Assine VEJA por R$2,00/semana
Letra de Médico Orientações médicas e textos de saúde assinados por profissionais de primeira linha do Brasil
Continua após publicidade

Infecções comuns no paciente com diabetes

Saiba porque algumas infecção são mais frequentes e/ou mais graves em pacientes com diabetes mellitus

Por Artur Timerman
27 nov 2017, 15h23
  • Seguir materia Seguindo materia
  • Por quais motivos o paciente com diabetes mellitus é mais propenso a adquirir infecções? Por que motivo essas infecções se revestem de maior gravidade nesses pacientes? Quais são as infecções mais comumente encontradas em pacientes com diabetes? Quais são as peculiaridades dos aspectos epidemiológicos e clínicos do paciente diabético que desenvolve infecção? Como se pode prevenir as complicações infecciosas em pacientes com diabetes mellitus?

    Publicidade

    A maioria dos clínicos tem conhecimento que doenças infecciosas ocorrem com maior frequência e/ou são mais graves em pacientes com diabetes, muitas vezes associando-se a incrementos nos índices de morbimortalidade. Uma série de evidências ‘in vitro’ demonstra que tal associação correlaciona-se a uma série de fatores consequentes ao ambiente hiperglicêmico, que caracterizam o paciente com diabetes mellitus, dentre os quais podemos ressaltar:

    Publicidade
    1. A atividade funcional dos neutrófilos encontra-se comprometida: evidencia-se em ambientes hiperglicêmicos redução da mobilização de leucócitos polimorfonucleares (PMN), assim como também se caracterizam deficiências em sua quimiotaxia e atividade fagocítica. Além disso, nesse mesmo ambiente observa-se inibição da atividade enzimática da glicose-6-fosfato-dehidrogenase e da transmigração transendotelial dos PMNs, ao mesmo tempo em que se eleva seu índice de apoptose. A atividade funcional dos linfócitos CD4 também se encontra prejudicada em pacientes nos quais o índice de hemoglobina glicada esteja acima de 8,0%.
    2.  Depressão dos sistemas antioxidantes: nos tecidos nos quais a presença de insulina não se faz necessária para o transporte de glicose, o ambiente hiperglicêmico circunjacente acarreta incremento nos níveis intracelulares de glicose, à qual é então metabolizada através do emprego de NADPH como co-fator.
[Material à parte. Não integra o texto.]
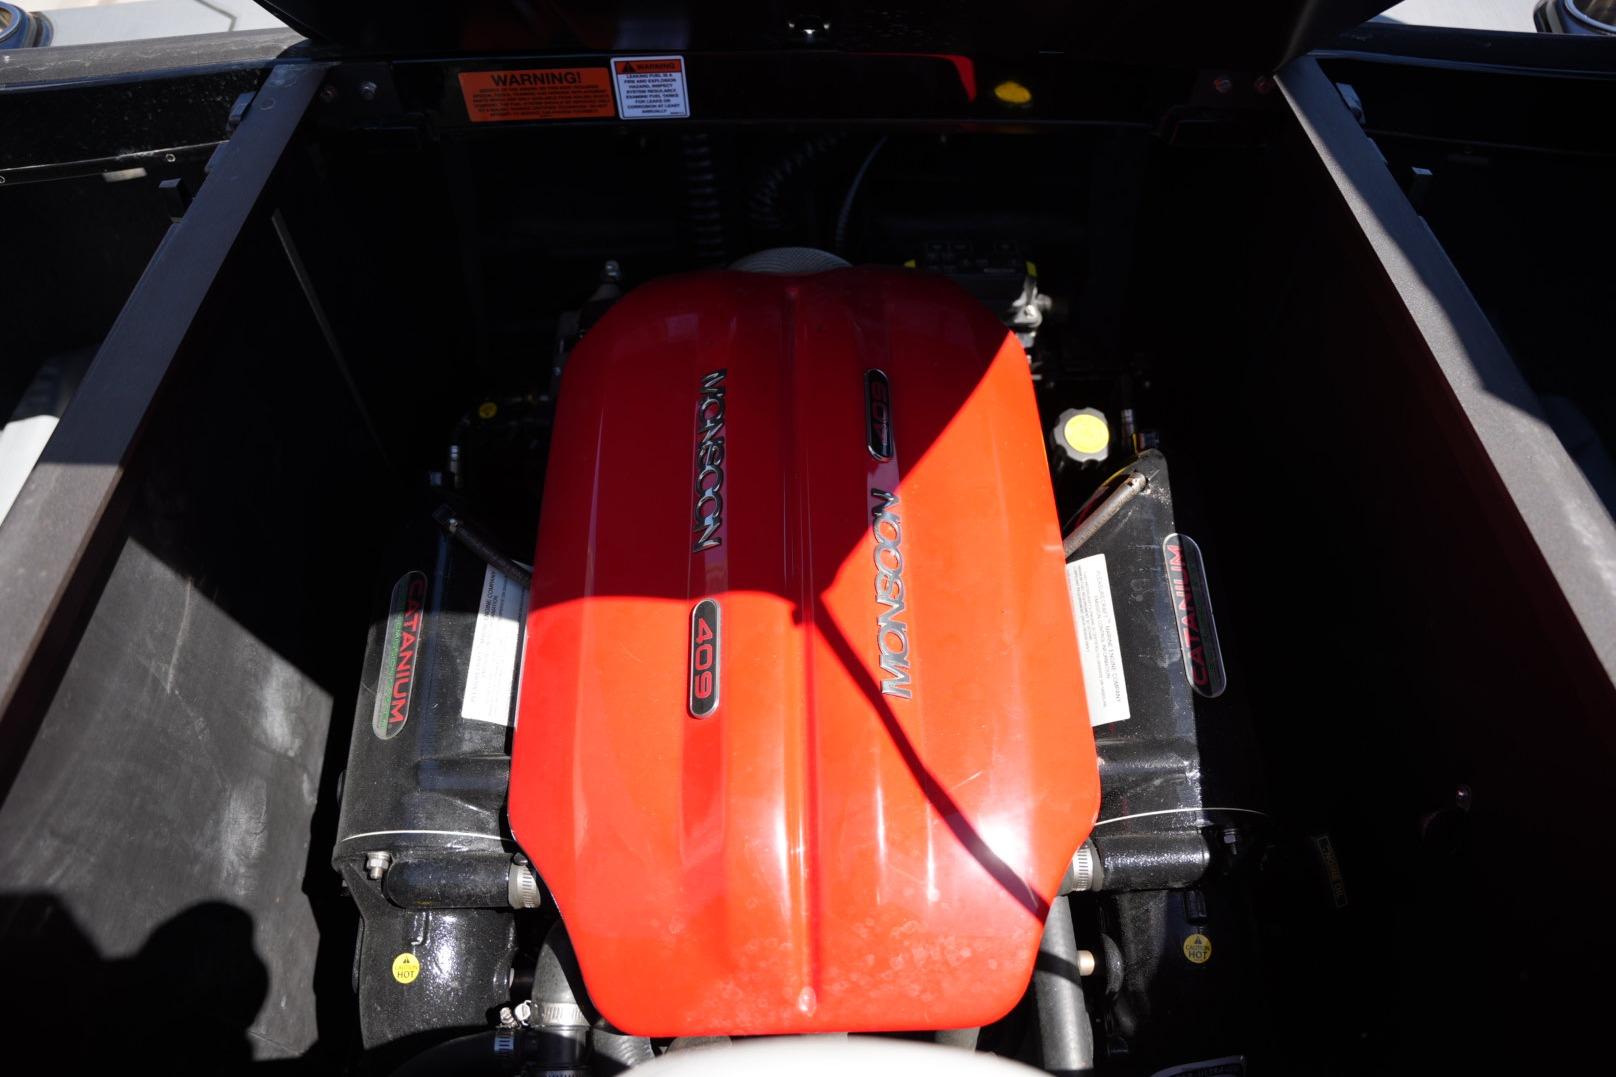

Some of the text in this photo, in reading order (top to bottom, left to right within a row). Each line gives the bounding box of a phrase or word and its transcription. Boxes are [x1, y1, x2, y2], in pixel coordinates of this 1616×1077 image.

Destarte, o decréscimo nos níveis de NADPH acaba por impedir a regeneração de moléculas que têm papel fundamental nos mecanismos anti-oxidativos no interior da célula, acarretando por consequência elevação na suscetibilidade celular ao estresse oxidativo.
    3. Comprometimento da imunidade humoral: tanto o sistema de ativação do complemento como a atividade funcional dos anticorpos podem se mostrar comprometidos em pacientes com diabetes. Dessa forma, alguns estudos demonstraram deficiência do componente C4 do complemento, enquanto outros demonstram que tal deficiência pode ser decorrente da disfunção dos PMNs. No que tange à produção de anticorpos, observa-se em pacientes diabéticos glicosilação da molécula de imuneglobulina, que se incrementa paralelamente à elevação dos níveis de Hb glicosilada, fato que pode acarretar seu
      comprometimento funcional.
    4. Redução na produção de interleucinas: os macrófagos e monócitos de pessoas com diabetes secretam menor quantidade de interleucina 1 (IL-1) e IL-6 em resposta ao estímulo de lipopolissacarídeos, aparentemente em decorrência da presença de defeito intrínseco nas células do paciente diabético. Por outro lado, incremento na glicosilação pode vir a inibir a produção de IL-10, Fator de Necrose Tumoral (TNF) e interferon-gama pelas células mieloides. Da mesma forma, essa elevada glicosilação acarreta redução da expressão na superfície de células mieloides do complexo de histocompatibilidade (MHC) classe I e, por conseguinte, prejudicando todo encadeamento da resposta imunológica iniciada pela interação dos antígenos com esse complexo MHC.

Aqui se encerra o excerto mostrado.